- _Input_:
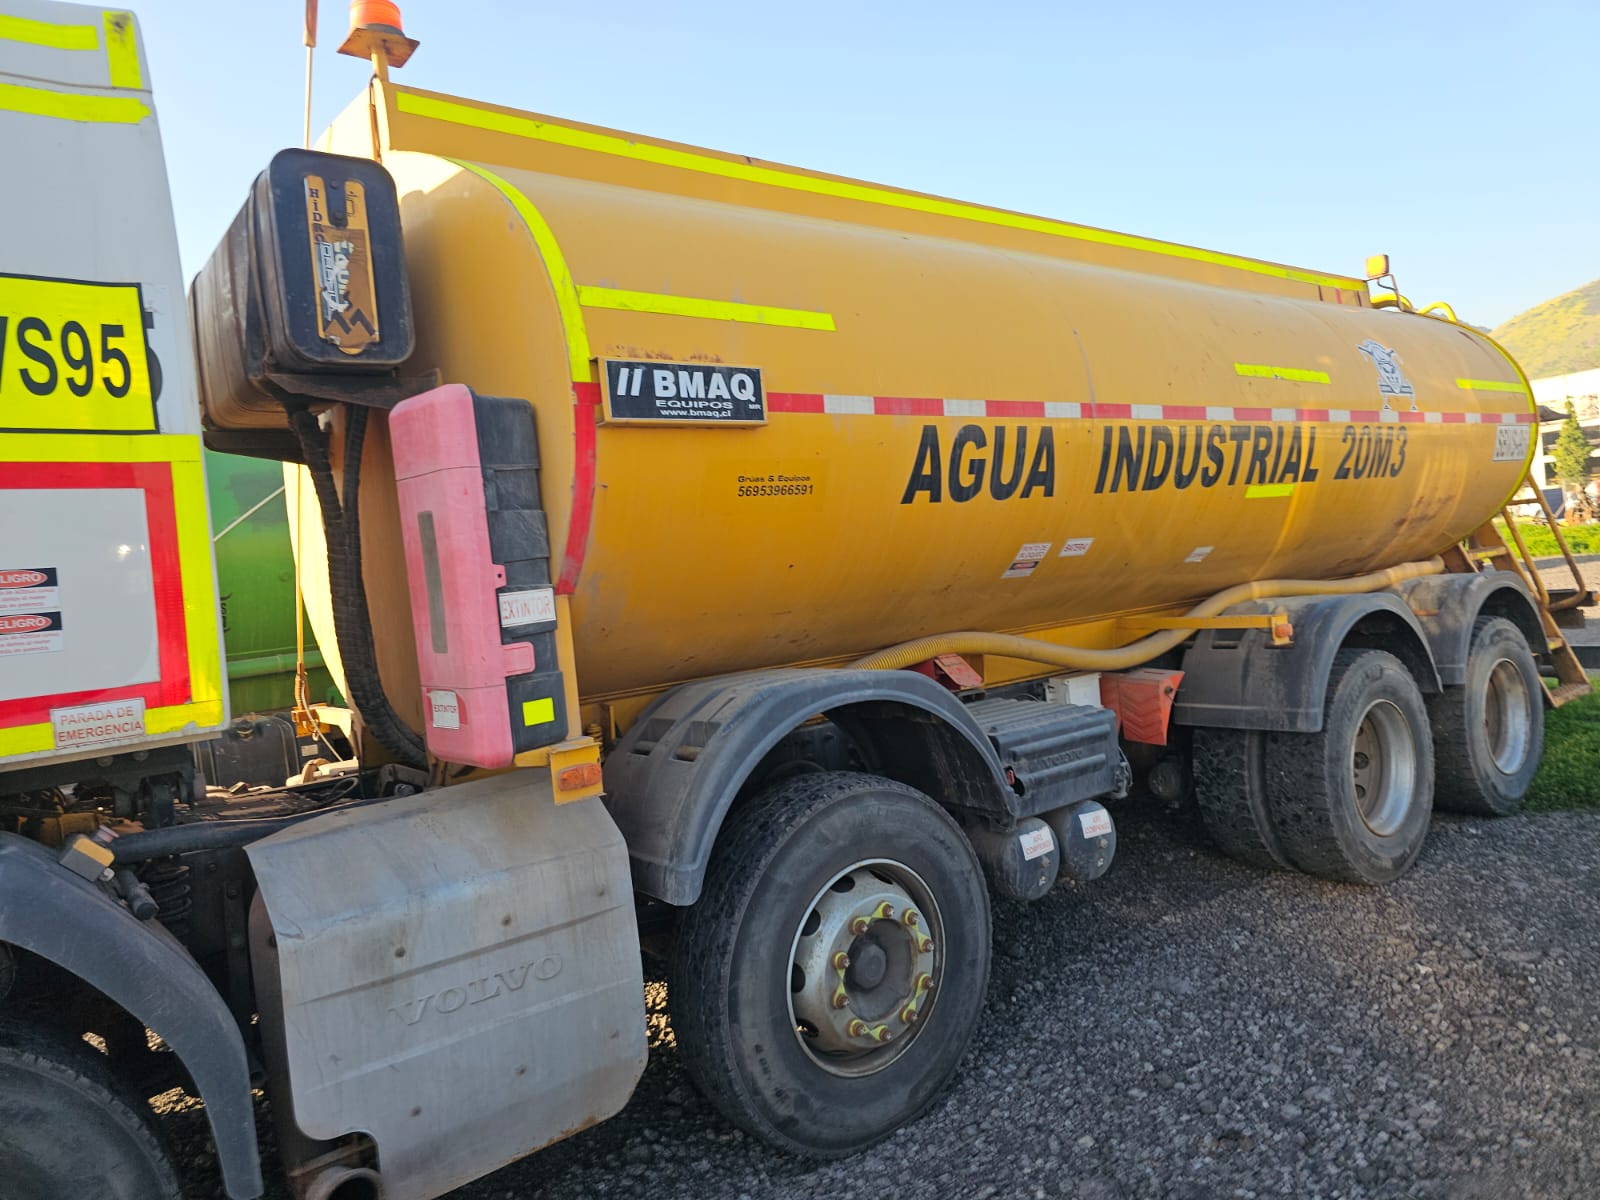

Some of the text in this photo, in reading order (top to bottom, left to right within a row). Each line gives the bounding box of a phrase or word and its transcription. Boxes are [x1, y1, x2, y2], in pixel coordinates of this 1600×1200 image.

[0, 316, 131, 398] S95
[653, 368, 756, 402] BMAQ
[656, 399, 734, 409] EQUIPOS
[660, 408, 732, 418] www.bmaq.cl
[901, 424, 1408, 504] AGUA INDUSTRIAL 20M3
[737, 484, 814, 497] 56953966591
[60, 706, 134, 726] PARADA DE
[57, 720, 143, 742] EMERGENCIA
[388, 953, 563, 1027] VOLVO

- _To do_:
Output the records verbatim, every one of them, and keep the pictures out.

- _Solution to the exercise_:
Some of the text in this photo, in reading order (top to bottom, left to right within a row). Each line gives the bounding box of a phrase or word and its transcription. Boxes are [x1, y1, x2, y2], in pixel coordinates of this 1600×1200 image.

[0, 316, 131, 398] S95
[653, 368, 756, 402] BMAQ
[656, 399, 734, 409] EQUIPOS
[660, 408, 732, 418] www.bmaq.cl
[901, 424, 1408, 504] AGUA INDUSTRIAL 20M3
[737, 484, 814, 497] 56953966591
[60, 706, 134, 726] PARADA DE
[57, 720, 143, 742] EMERGENCIA
[388, 953, 563, 1027] VOLVO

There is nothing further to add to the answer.